■ **PROBLEM REQUIREMENTS**:
Return only the lines starting at the line that contains "Some of the text" and ending with the final line of the listing; include both endpoints.

■ **RECORD SET**:

☆ ☆ ☆ ☆ ☆ ☆ ☆

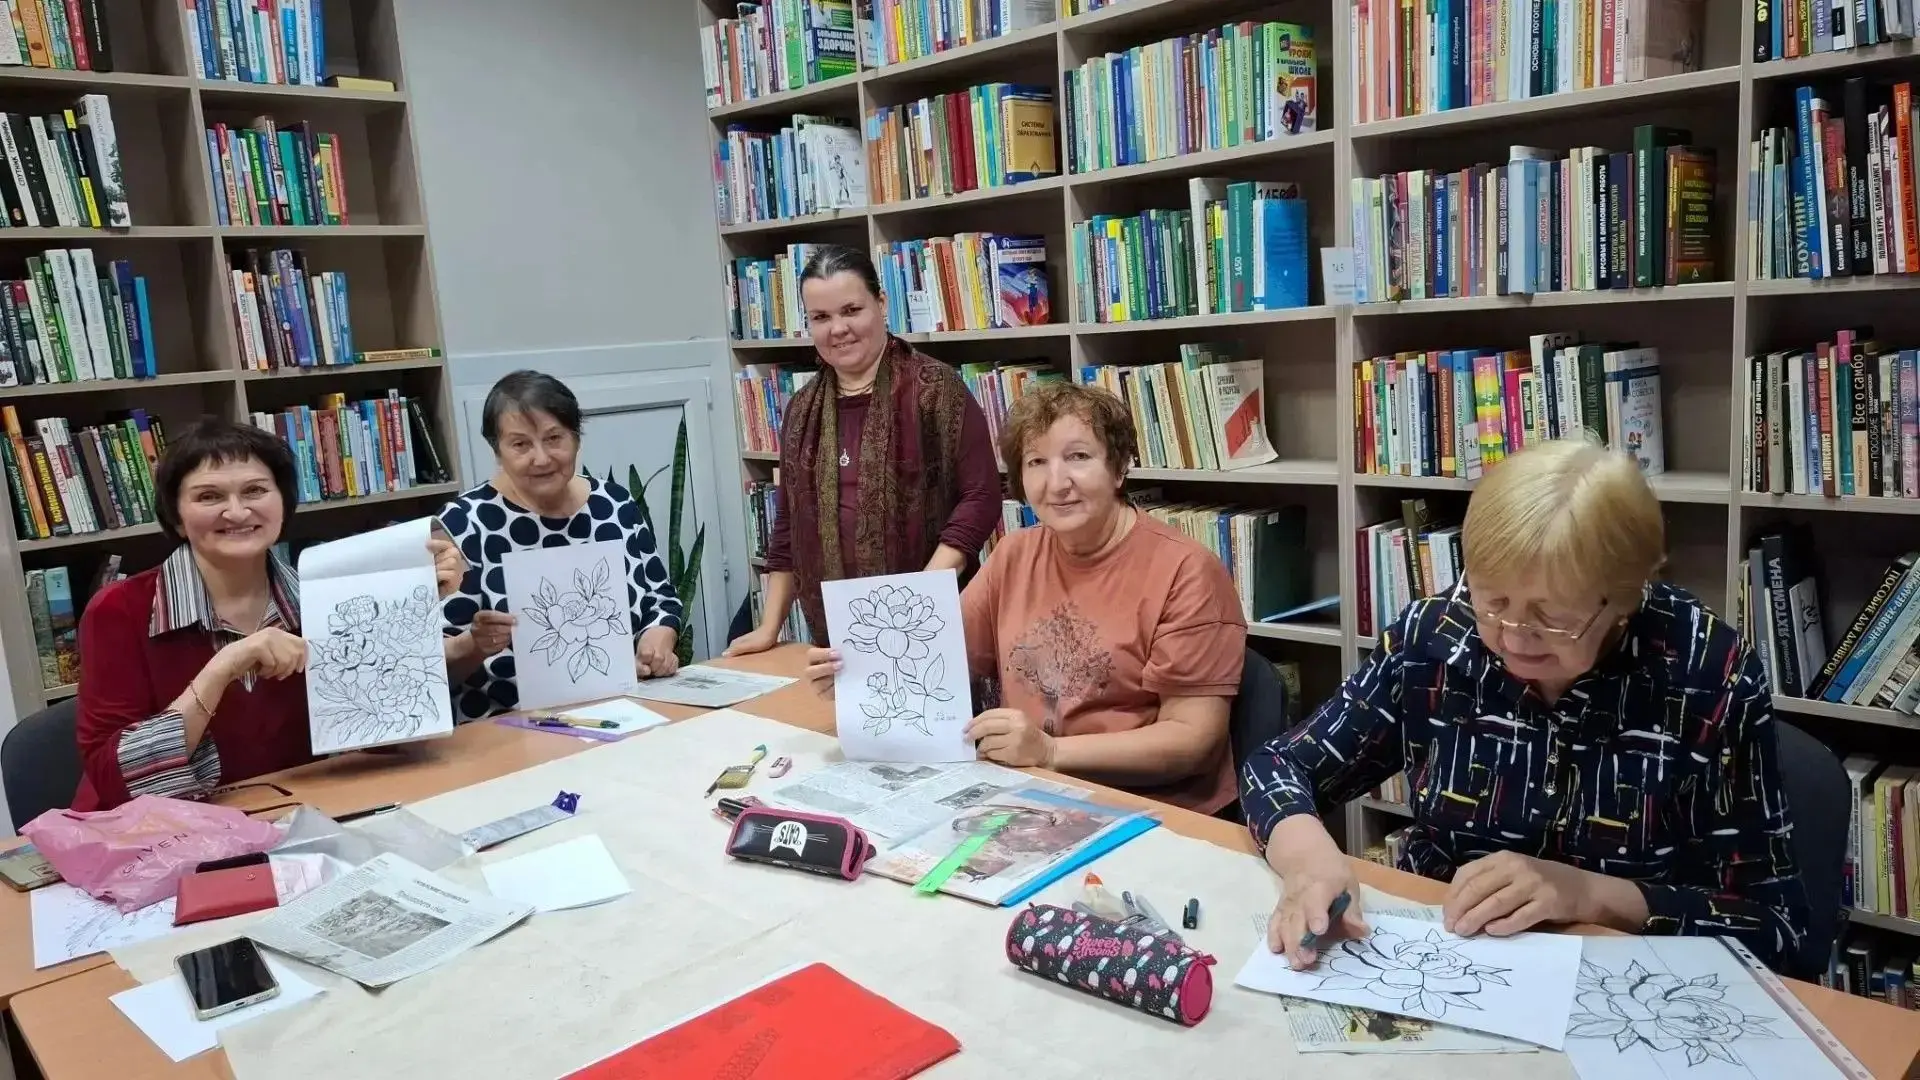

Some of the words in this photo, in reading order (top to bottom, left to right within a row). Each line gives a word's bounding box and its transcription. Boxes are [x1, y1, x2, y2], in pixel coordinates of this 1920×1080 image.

[1288, 66, 1312, 76] ШКОЛЕ
[1531, 38, 1540, 72] ОСНОВЫ
[1598, 164, 1607, 192] РАБОТЫ
[1793, 192, 1810, 275] БОУЛИНГ
[1817, 357, 1829, 370] 100
[1849, 353, 1865, 391] самбо
[1855, 392, 1865, 401] о
[1852, 403, 1866, 425] Все
[1754, 415, 1764, 449] БОКС
[1869, 416, 1880, 459] ПОСОБИЕ
[1821, 433, 1832, 481] САМОЗАЩИТЫ
[41, 483, 63, 524] ЦВЕТОВОДСТВО
[1768, 556, 1791, 638] ЯХТСМЕНА
[1865, 569, 1901, 614] ПОСОБИЕ
[1853, 613, 1869, 634] ДЛЯ
[1822, 631, 1857, 677] ДАЙВЕРОВ
[778, 823, 802, 846] CATS
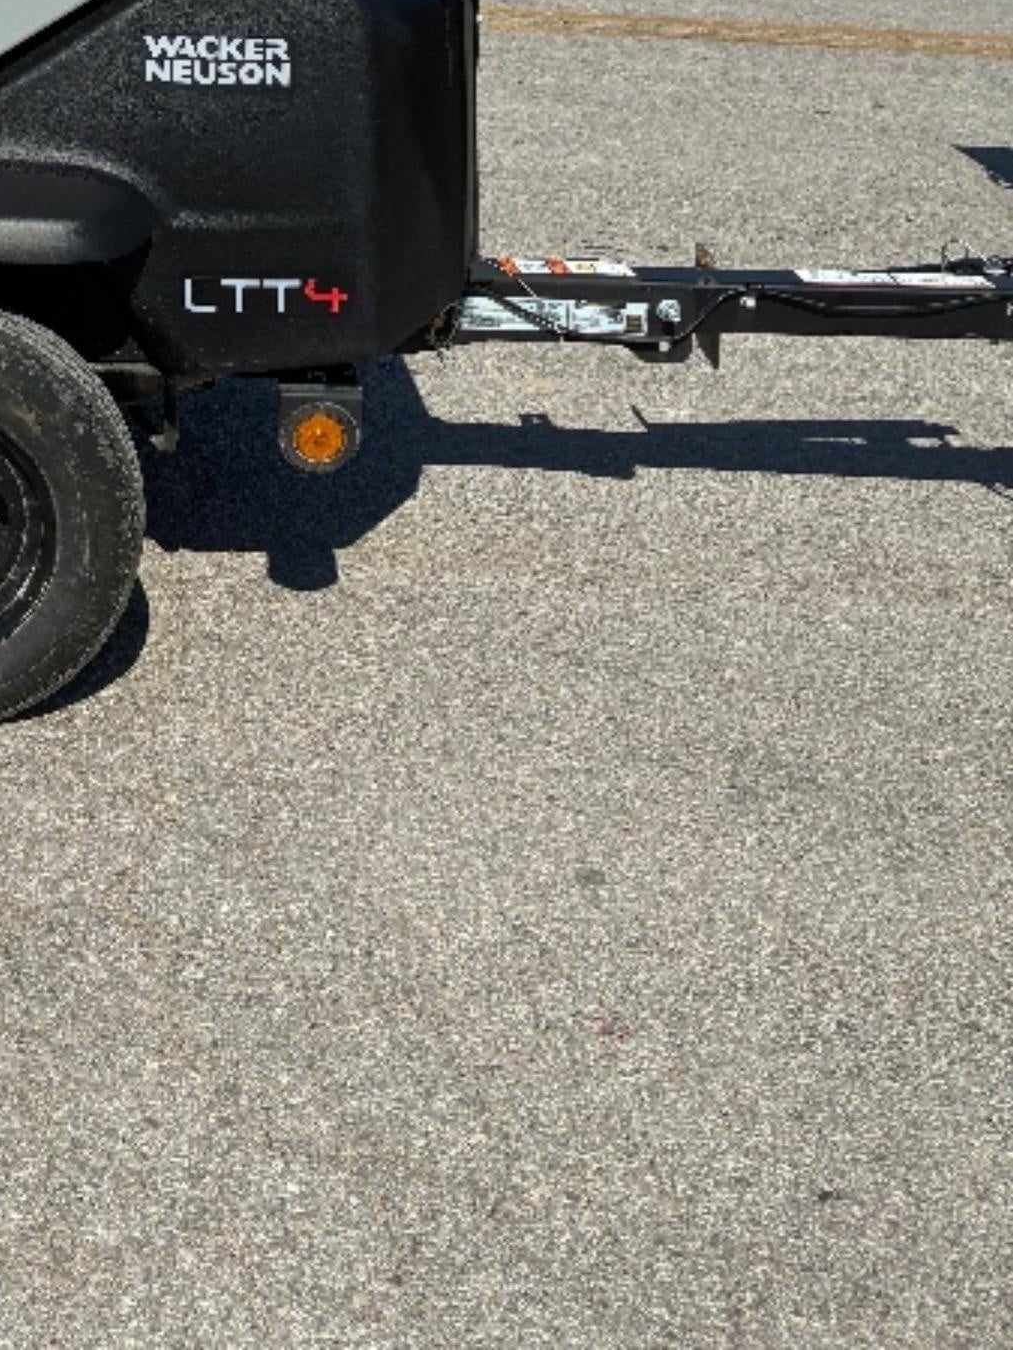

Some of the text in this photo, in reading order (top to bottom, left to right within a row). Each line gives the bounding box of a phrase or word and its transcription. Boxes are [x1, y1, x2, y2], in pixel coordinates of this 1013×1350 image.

[143, 35, 291, 61] WACKER
[144, 59, 292, 87] NEUSON
[184, 277, 349, 314] LTT4

☆ ☆ ☆ ☆ ☆ ☆ ☆

■ **WRITTEN ANSWER**:
Some of the text in this photo, in reading order (top to bottom, left to right within a row). Each line gives the bounding box of a phrase or word and its transcription. Boxes are [x1, y1, x2, y2], in pixel coordinates of this 1013×1350 image.

[143, 35, 291, 61] WACKER
[144, 59, 292, 87] NEUSON
[184, 277, 349, 314] LTT4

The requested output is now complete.